Willem the Elder’s gifts are nowhere better seen than in a series of penschilderijen – large pen-and-ink drawings on canvas laboriously prepared with a white ground – which mimic oversized etchings and in which sailors, ships, rigging and the staffage of ports are rendered in mesmerising miniaturist detail. His son’s great ability was to enlarge and aggrandise his father’s rapid sketches, so that these often cursory notations became full-fledged paintings, executed with fijnschilder finesse. Willem the Younger’s most bravura work, A Royal Visit to the Fleet in the Thames Estuary, 1672 (c. 1674–c. 94), fully three metres wide, commemorates the occasion of Charles II boarding his brother’s flagship for a council of war. Every inch is alive with incident – scudding clouds, agitated water and teeming ships. 

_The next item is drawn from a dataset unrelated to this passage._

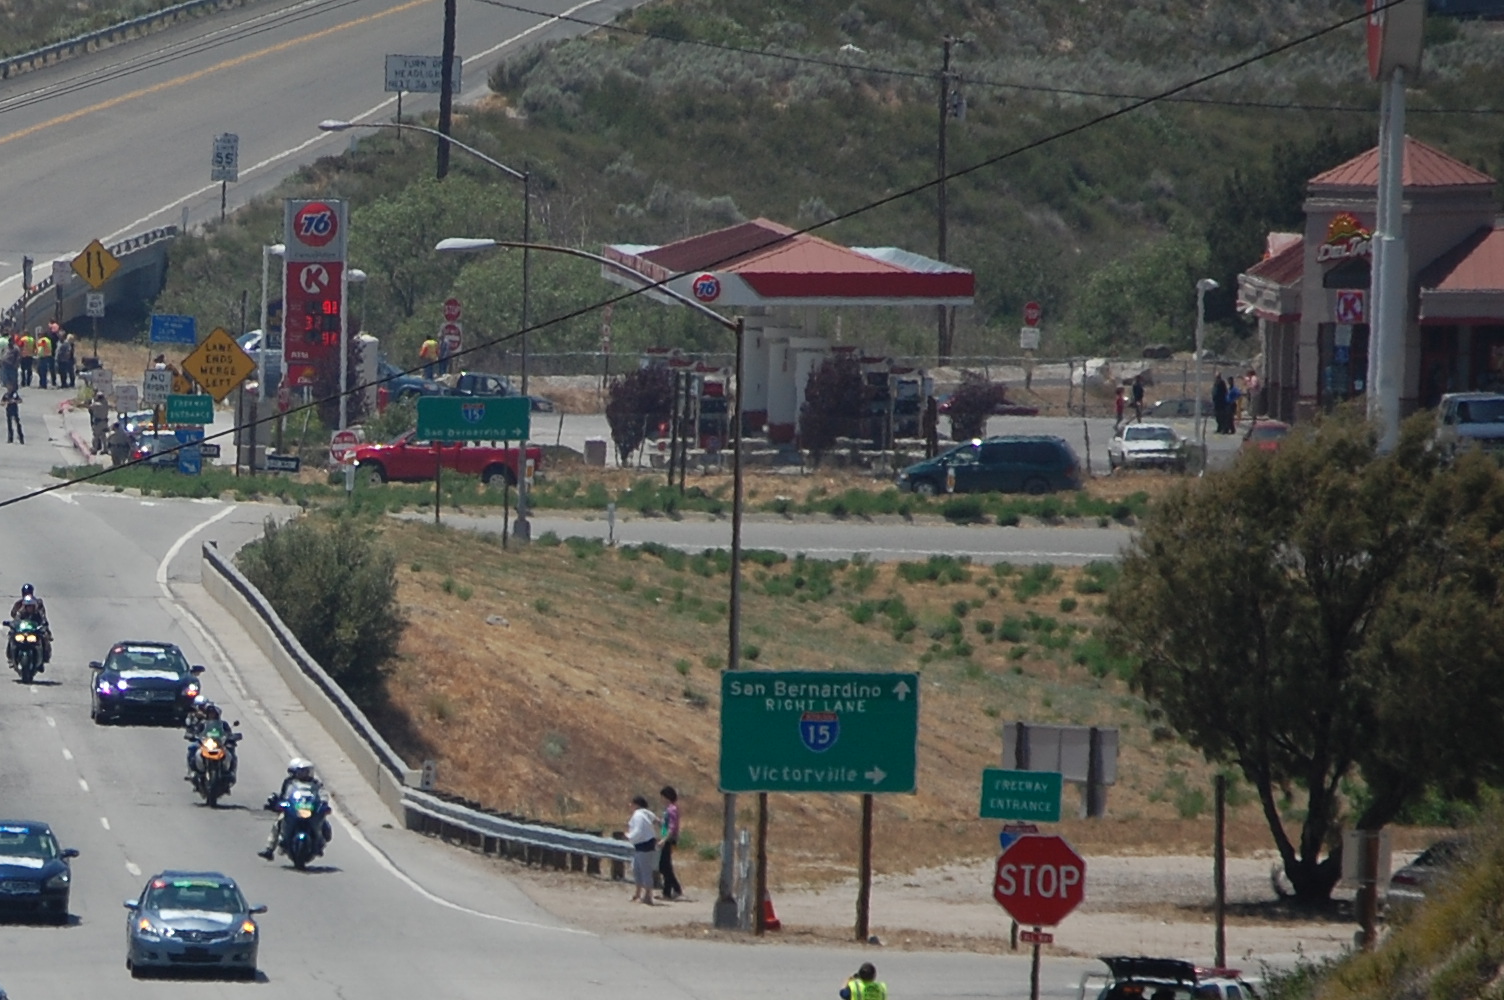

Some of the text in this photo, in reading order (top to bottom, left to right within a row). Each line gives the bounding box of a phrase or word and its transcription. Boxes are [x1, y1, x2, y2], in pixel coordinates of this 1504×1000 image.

A Royal Visit to the Fleet in the Thames Estuary, 1672 (c. 1674–c. 94), Willem Van de Velde the Younger. © National Maritime Museum, London

It was paintings such as these that started England’s own tradition of maritime art, a point explicitly acknowledged by J.M.W. Turner when he said of a Van de Velde sea-piece: ‘This made me a painter.’

‘The Van de Veldes: Greenwich, Art and the Sea’ is at the Queen’s House, London, until 14 January 2024.